UK regulator publishes portfolio strategy letter for mainstream consumer credit lenders


Drivers of harm

In the letter, the FCA identified operational and financial pressures that can potentially turn into harm for consumers. These potential harms were identified before the pandemic but are acute in the current climate, with the FCA emphasising that appropriate governance is vital in balancing the needs of customers and a firm's own business interests.

To ensure customers are treated fairly, firms should strive towards outcomes that guarantee:

  • Customers are treated with forbearance and due consideration.
  • Customers are given sustainable arrangements with essential living costs and other debts considered, giving them a reasonable opportunity to repay their debt.
  • Customers are not pressurised to pay their debt within an unreasonable amount of time.
  • Customers are protected from escalating debt once they have entered into a forbearance arrangement based on what they can afford to pay.
  • Customers are allowed time to consider their options, seeking debt advice if necessary.
  • Customers are referred to debt advice, if appropriate.
  • Firms should recognise vulnerability and respond to the needs of vulnerable customers.
  • Firms should have clear, effective and appropriate policies and procedures for dealing with customers in financial difficulty, with adequately trained staff to provide appropriate assistance.

FCA expectations and areas of focus

In the letter, the FCA stated the ways in which consumers and markets may be harmed, and discussed its expectations of firms, detailed below.


The FCA's 2020/2021 Business Plan emphasised the importance of ensuring that customers were not given credit they could not afford, creating over-indebtedness. The FCA observed there were two main influences on affordability conduct issues for firms: the setting of ambitious growth targets in unsecured lending, and business models focusing on speed and ease of approval based on automation, avoiding any reliance or burden on consumers to provide more information.
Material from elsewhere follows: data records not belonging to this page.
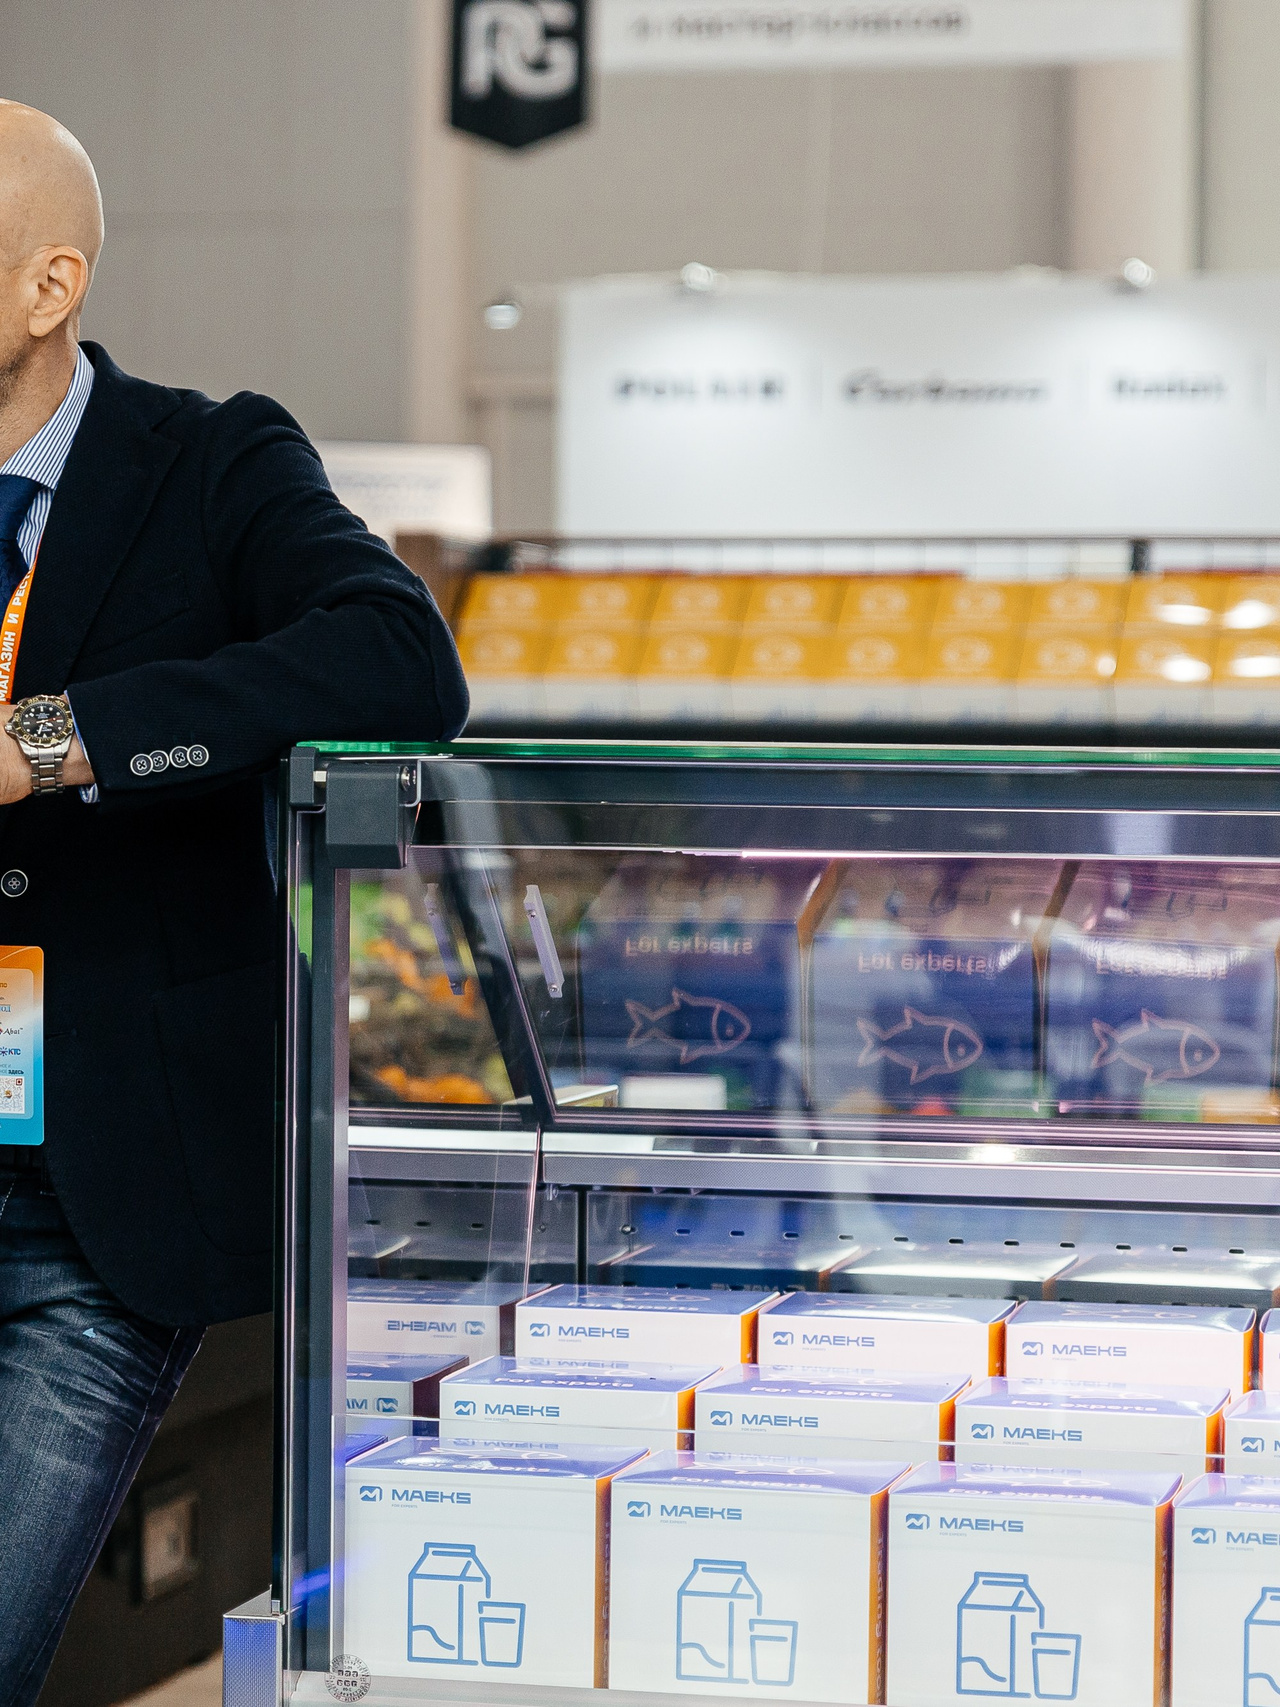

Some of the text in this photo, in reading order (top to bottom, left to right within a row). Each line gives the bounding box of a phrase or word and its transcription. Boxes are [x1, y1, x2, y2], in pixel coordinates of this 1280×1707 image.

[7, 613, 19, 624] И
[558, 1325, 630, 1338] MAEKS
[802, 1334, 875, 1347] MAEKS
[1052, 1344, 1127, 1357] MAEKS
[540, 1379, 634, 1388] experts
[798, 1388, 894, 1398] experts
[484, 1403, 560, 1417] MAEKS
[1057, 1401, 1158, 1412] experts
[741, 1413, 819, 1428] MAEKS
[1003, 1427, 1082, 1441] MAEKS
[722, 1479, 823, 1489] experts
[391, 1488, 471, 1504] MAEKS
[1000, 1490, 1104, 1500] experts
[660, 1504, 742, 1520] MAEKS
[939, 1516, 1024, 1532] MAEKS
[1226, 1531, 1280, 1546] MAE
MCCLs' business models should be designed to deliver good customer outcomes with robust affordability assessments to avoid over-indebtedness, asking customers to provide additional information where necessary, the FCA said. Firms are directed to the updated affordability rules, setting out the considerations that firms must make prior to providing credit, including the customer's ability to make repayments under the relevant credit agreement, without such repayments having a significant adverse impact on their financial circumstances.

As part of its analysis, however, the FCA found indications of high proportions of accounts in arrears, which could be a sign of unaffordable lending; inadequate creditworthiness assessments; over-reliance on credit risk modelling which uses data to predict whether repayments will be made, rather than whether the customer can afford to make them, and a reliance on credit reference agency and other statistical or modelled data or tools within affordability assessments, without a full understanding of the data and its limitations.
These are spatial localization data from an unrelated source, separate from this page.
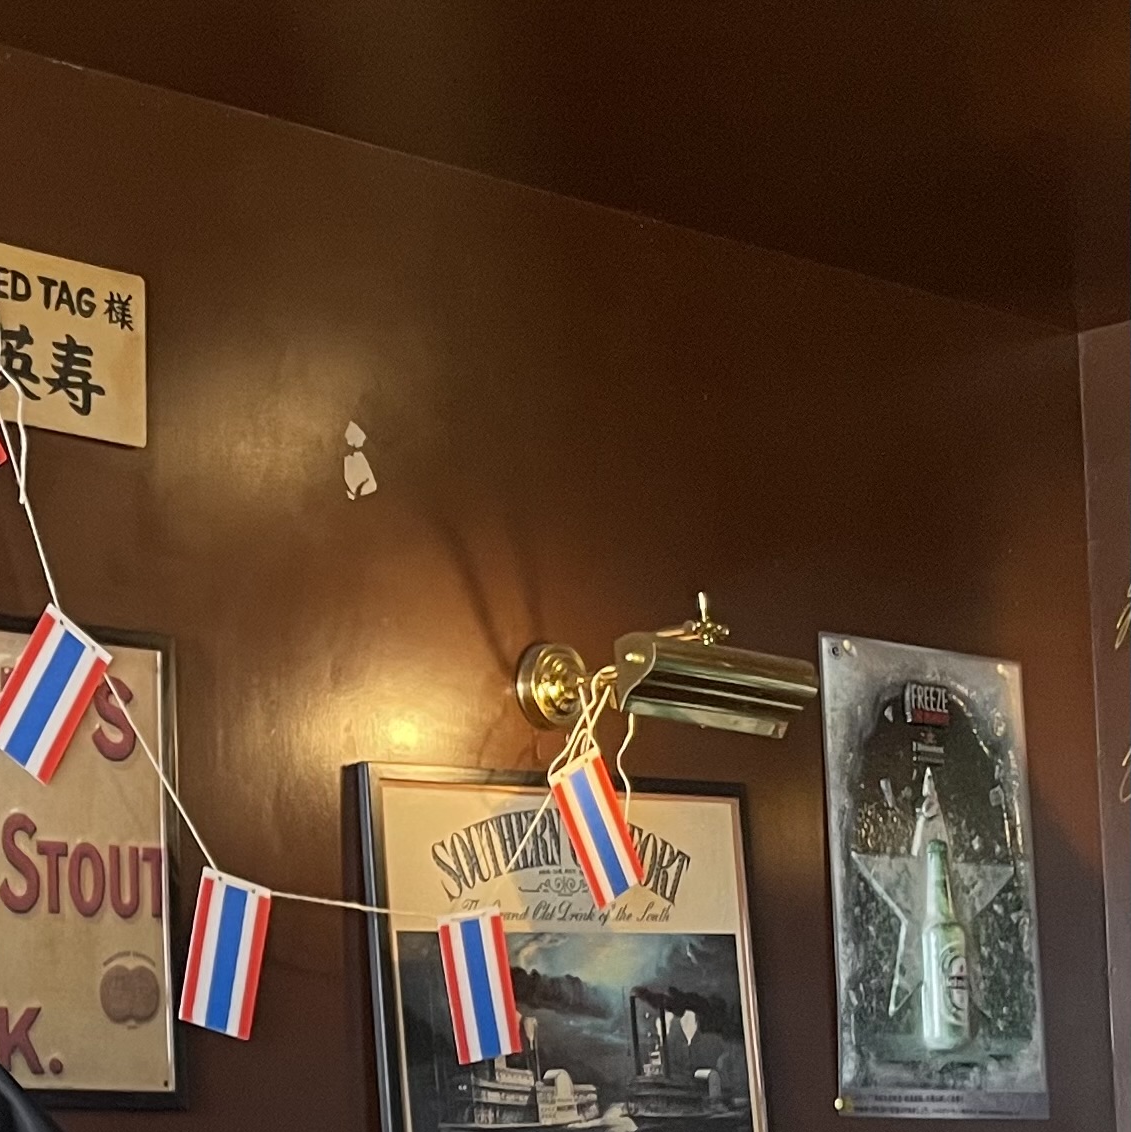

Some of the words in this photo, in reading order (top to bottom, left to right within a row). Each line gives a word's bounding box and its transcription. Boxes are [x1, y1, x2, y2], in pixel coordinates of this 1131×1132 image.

[37, 275, 97, 318] TAG
[103, 291, 134, 332] 様
[911, 683, 949, 714] FREEZE
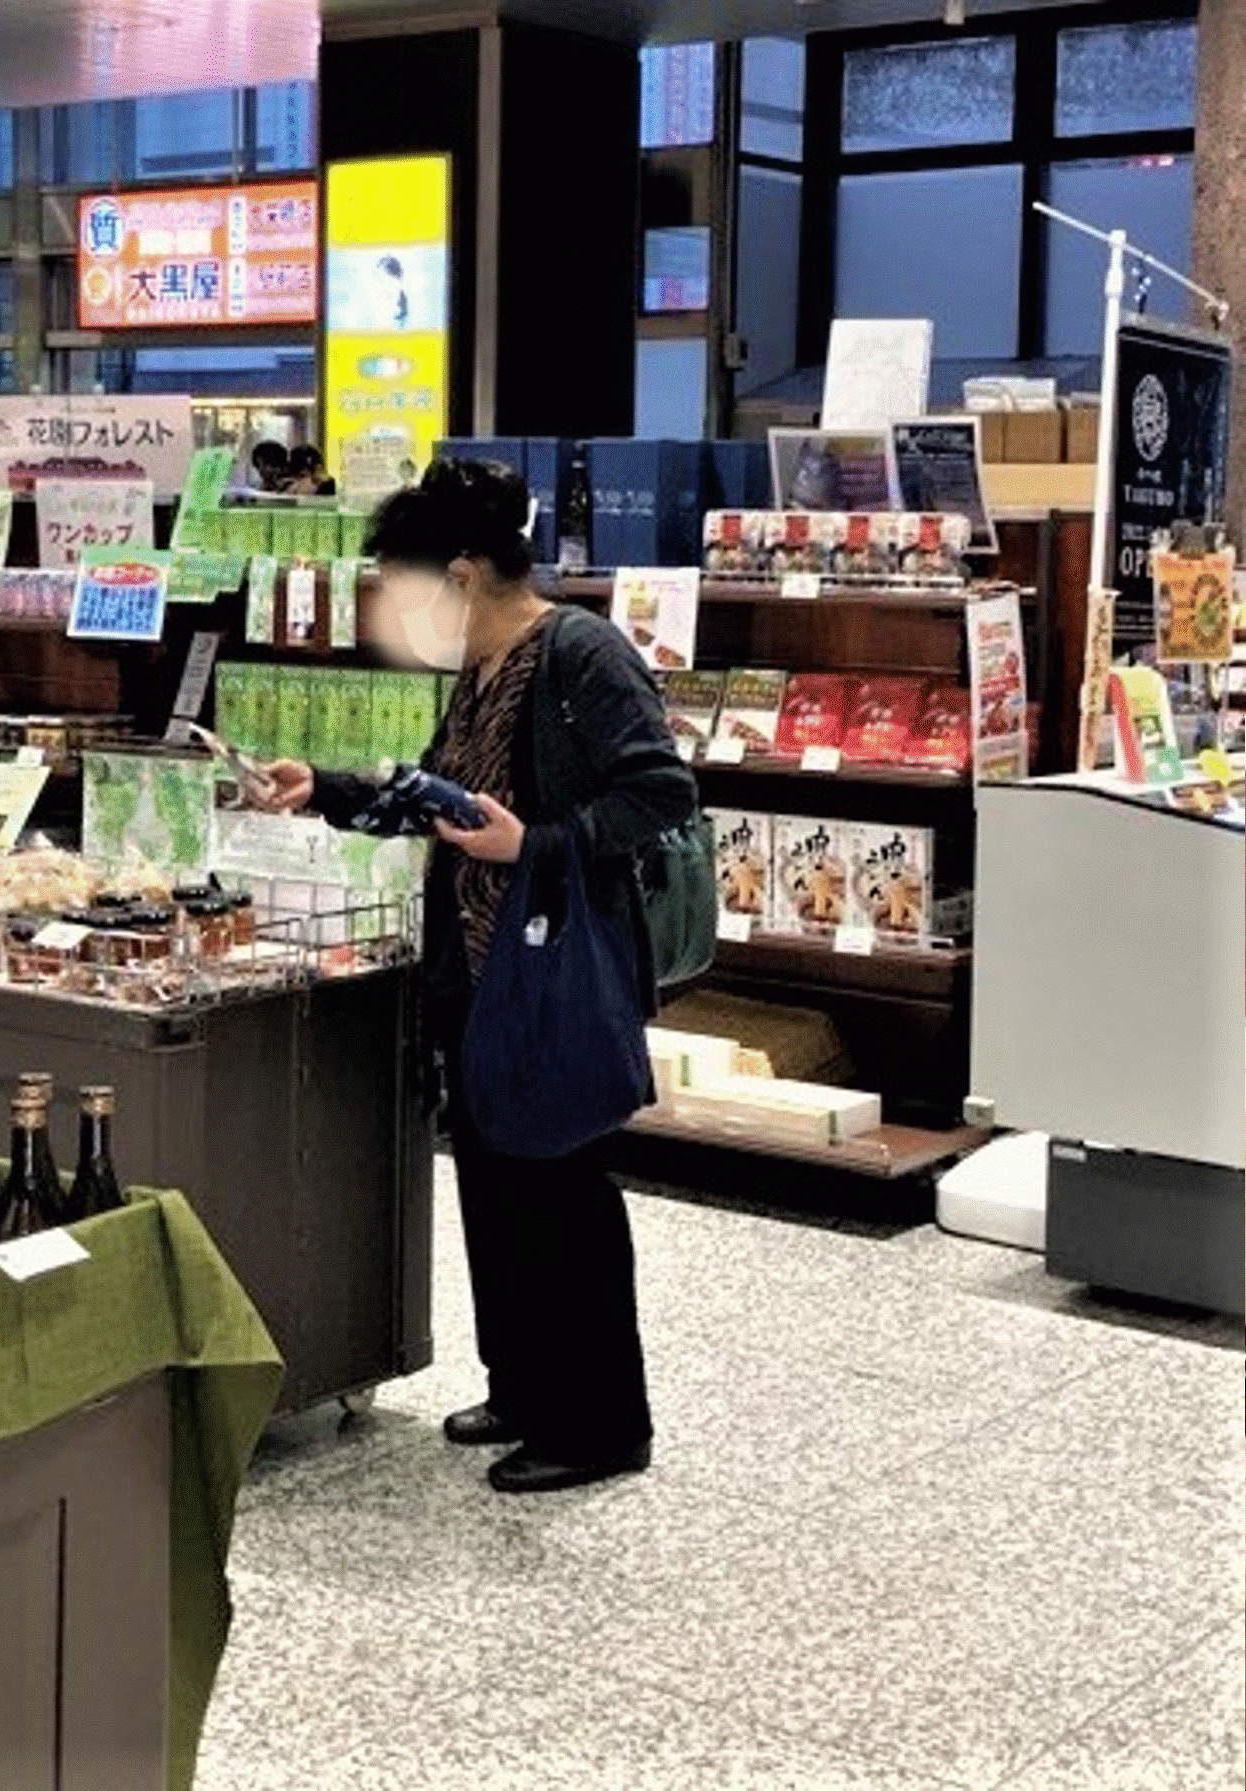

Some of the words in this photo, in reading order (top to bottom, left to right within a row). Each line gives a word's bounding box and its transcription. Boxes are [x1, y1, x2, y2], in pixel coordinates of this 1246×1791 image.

[128, 262, 220, 303] 大黒屋
[26, 418, 175, 447] 花園フォレスト
As a result, more rigorous assessments should be made of the affordability risk posed to customers by the credit they are applying for. Firms should look at individual circumstances, especially for higher risk customers, when making lending decisions, avoiding overreliance on data and automation.

Treatment of customers in arrears

The FCA also found firms are failing to establish and implement clear, effective and appropriate policies and procedures for customers in arrears, resulting in unfair or inappropriate outcomes for those facing financial difficulties. The regulator is concerned about the inadequate treatment of these customers and how firms maintain appropriate oversight where they have outsourced arrears management activities, such as debt collection.

Firms should have clear and effective policies and procedures for customers who fall into arrears; ensure appropriate skills and resources are in place to deliver these, and ensure they are treating customers fairly.

In the letter, the FCA also reminded firms that even where they outsourced their arrears management activities, they are responsible for ensuring regulatory compliance, as per SYSC 8.1.6R. This would include having appropriate oversight and governance for the activities carried out by the outsourced firm.

Embedding of regulatory changes

The FCA explains that as part of its Credit Card Market Study, it developed remedies to tackle persistent debt and provide earlier intervention. The regulator has found however that firms are potentially treating customers unfairly while embedding and responding to FCA credit card persistent debt regulatory remedies. These remedies are intended to address the problem of credit cards being improperly and expensively used for long-term borrowing.

The varied way firms may comply with persistent debt rules made by the FCA remains an important focus, and in the letter the FCA reiterates that it expects firms to "not only meet the letter of our rules, but also consider the requirement to treat customers fairly when implementing them". The regulator also explains that this continues to be an area of focus for the FCA, who has completed a multi-firm piece of work on persistent debt remedies, and will assess the effectiveness of them once sufficient time has passed to assess consumer outcomes.

Transparency of pricing and features

The FCA explains that some firms are lacking transparency in pricing structures and features of consumer credit products, leading to adverse customer outcomes.

Firms should make sure disclosures and adequate explanations across all distribution channels mean customers are able to make informed decisions when considering a consumer credit product, particularly in relation to the withdrawal of introductory promotional rates in 0% balance transfers and the circumstances in which interest will be charged.

Furthermore, the FCA reminds firms of the rules to reform the overdraft market which address how some firms were charging the most vulnerable customers an effective interest rate of more than 80% a year on their arranged overdraft. Measures introduced by the FCA in April 2020 included firms ensuring all overdraft customers would be no worse off when compared to the prices they were charged before the new overdraft rules, as well as interest-free overdrafts up to £500.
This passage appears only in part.